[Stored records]

╭──

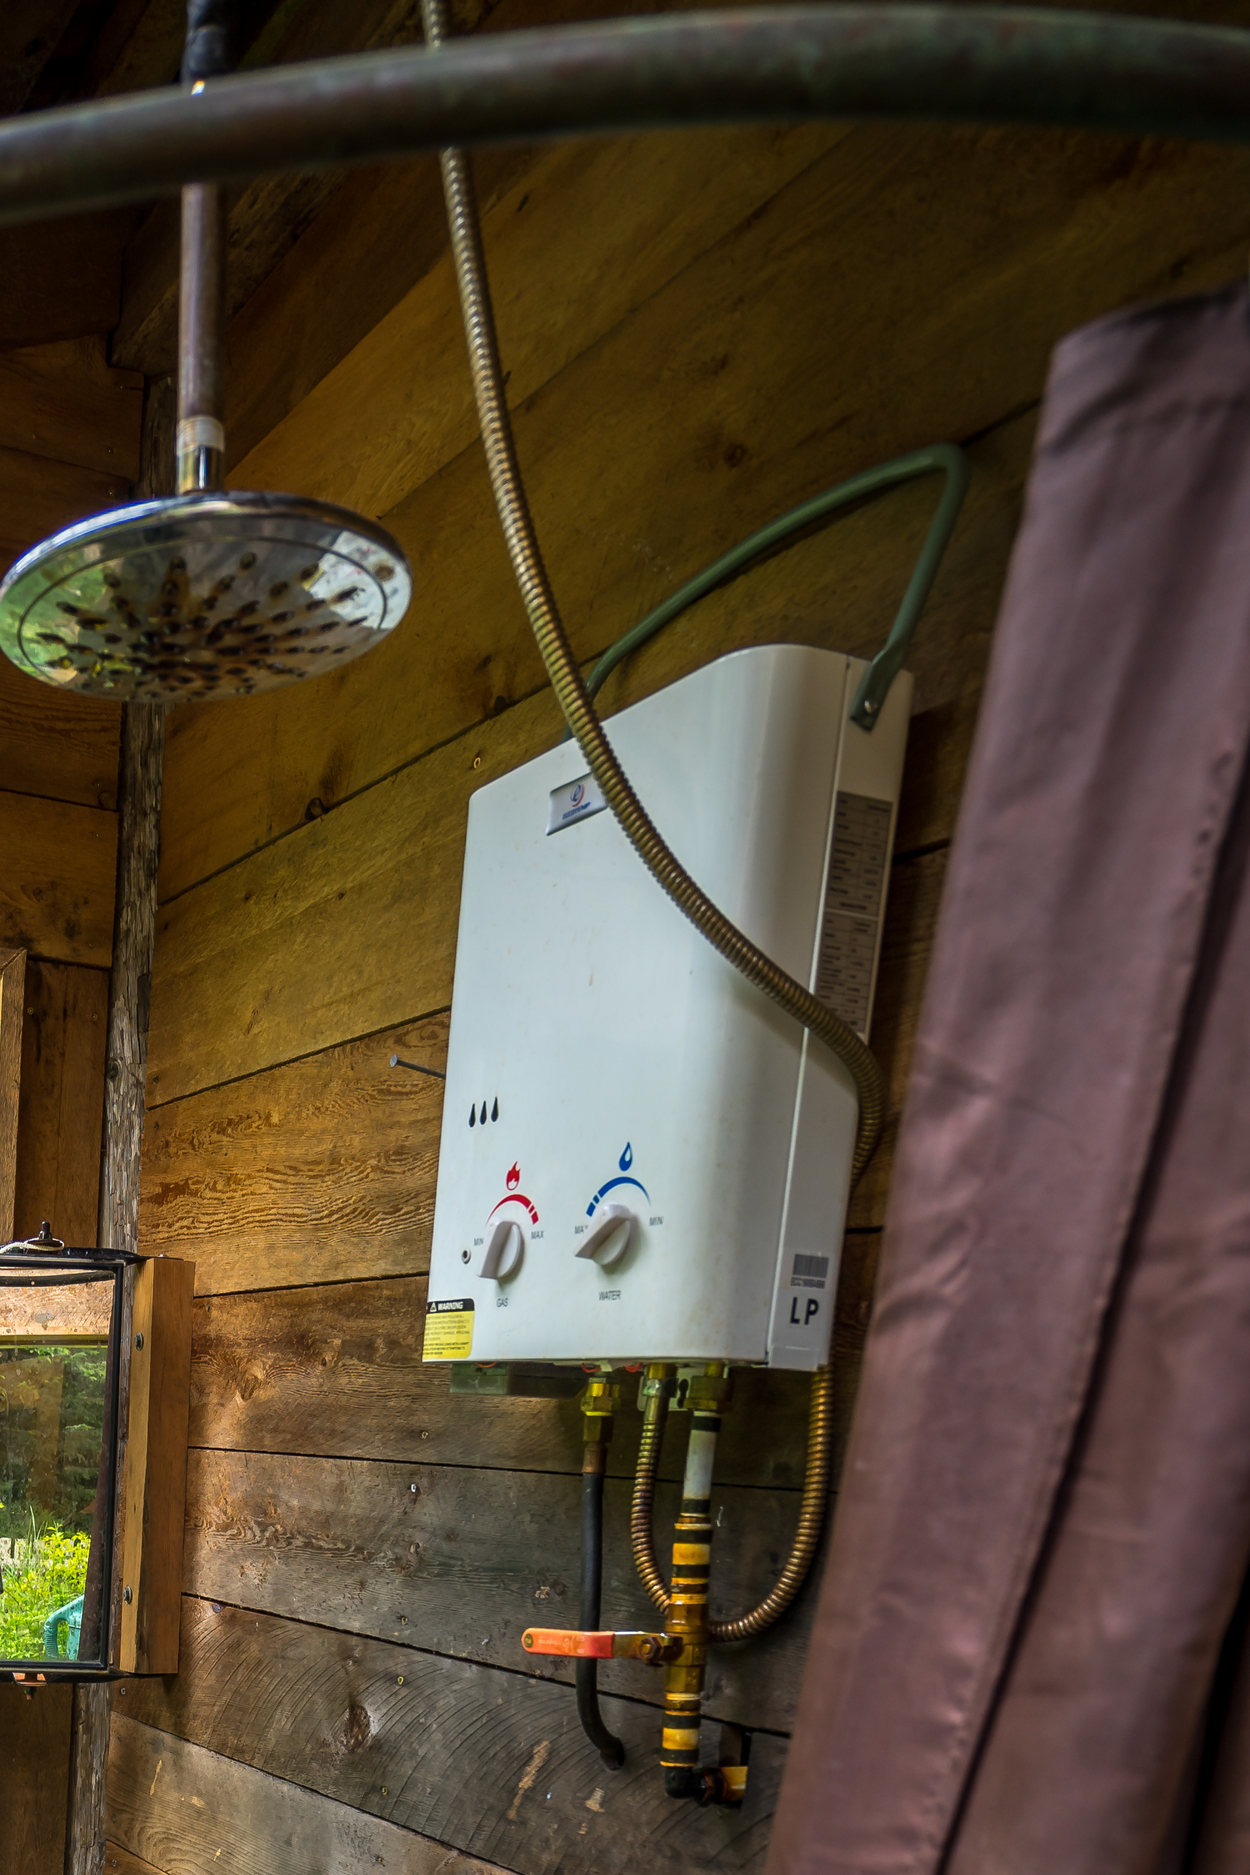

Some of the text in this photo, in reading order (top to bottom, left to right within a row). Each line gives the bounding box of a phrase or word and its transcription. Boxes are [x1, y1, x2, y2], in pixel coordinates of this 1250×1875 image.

[649, 1216, 664, 1226] MIN
[530, 1230, 545, 1240] MAX
[598, 1290, 622, 1301] WATER
[437, 1301, 464, 1311] WARNING
[496, 1297, 509, 1307] GAS
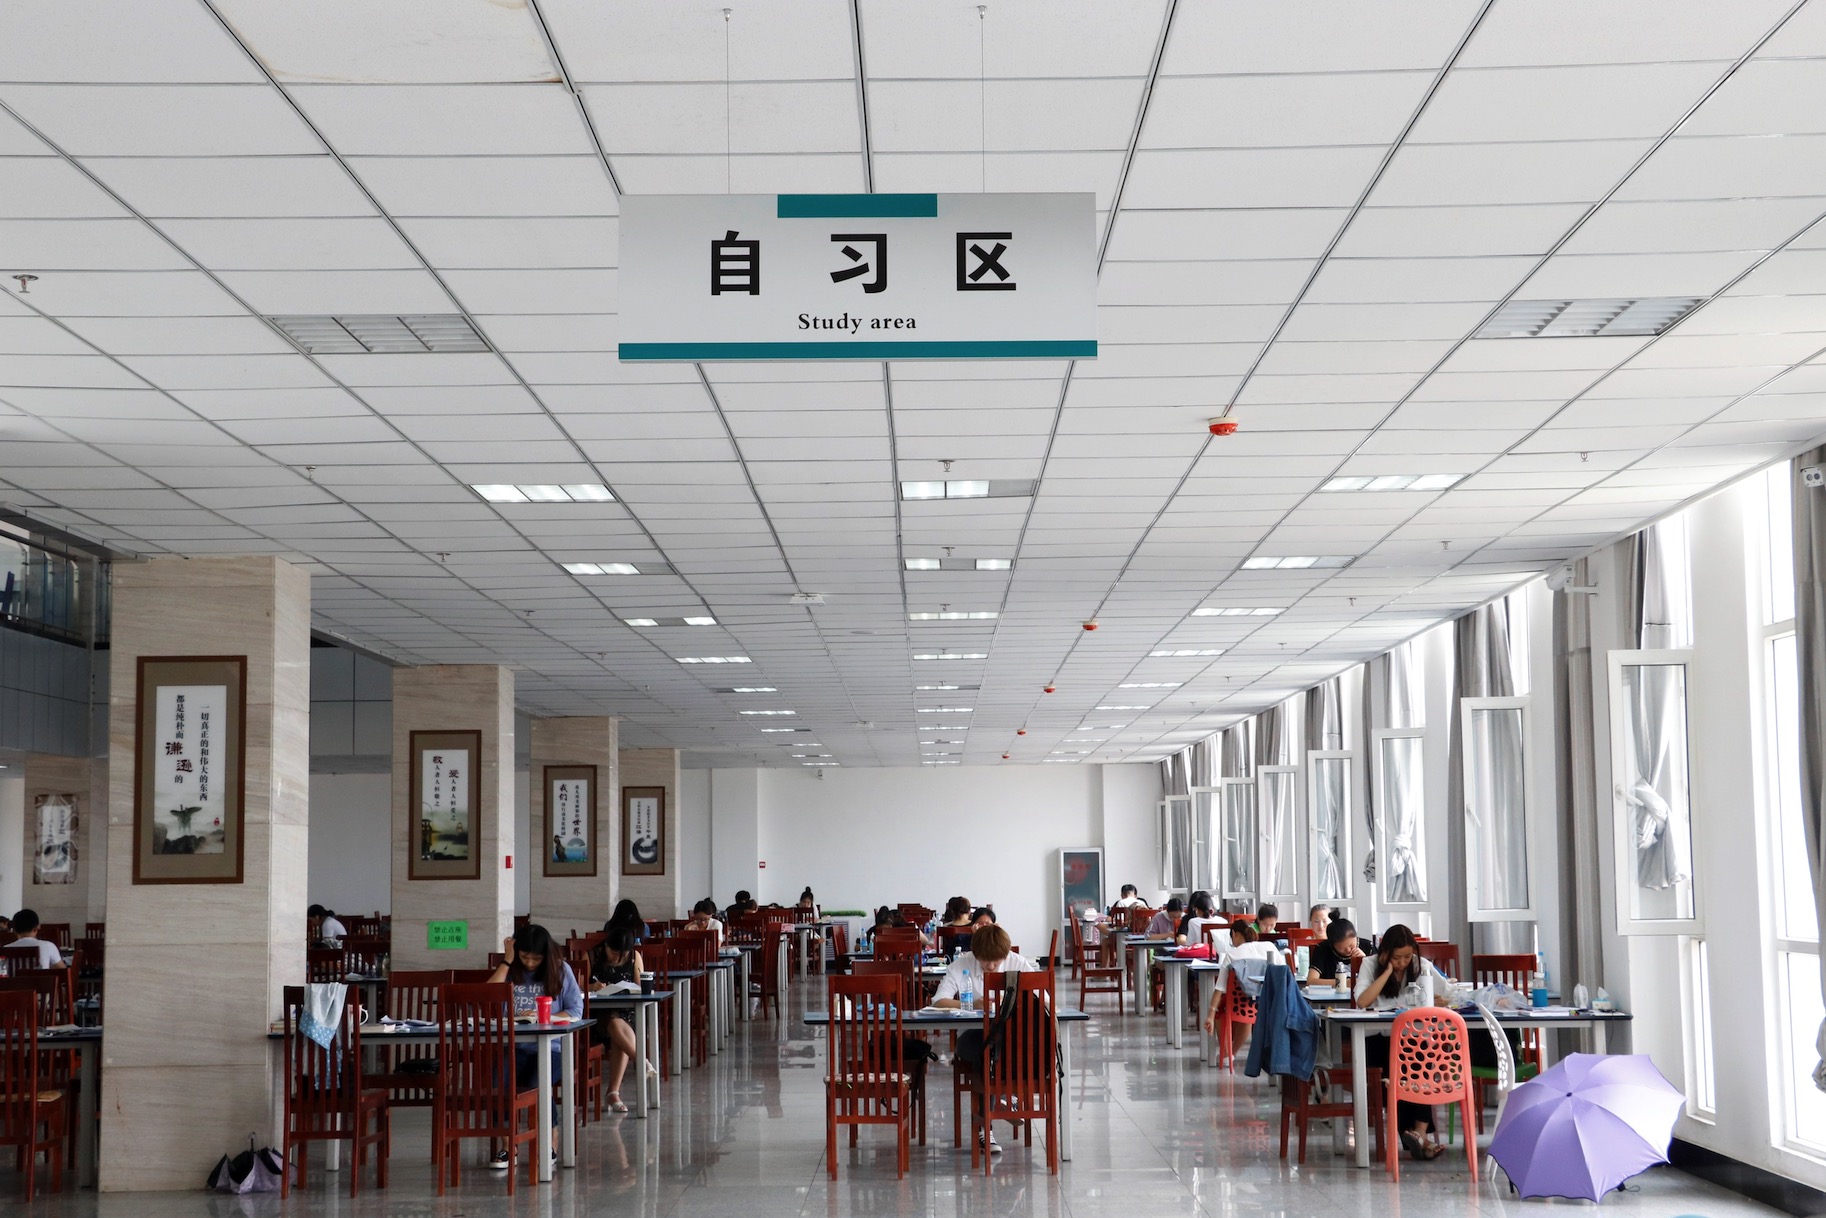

╰──

§ Task objective: Your task is an exact transcription of all the data, minus the pictures.

§ Answer:
Some of the text in this photo, in reading order (top to bottom, left to right within a row). Each line gives the bounding box of a phrase or word and its transcription. Boxes are [x1, y1, x2, y2], in pixel coordinates of this 1250×1875 image.

[649, 1216, 664, 1226] MIN
[530, 1230, 545, 1240] MAX
[598, 1290, 622, 1301] WATER
[437, 1301, 464, 1311] WARNING
[496, 1297, 509, 1307] GAS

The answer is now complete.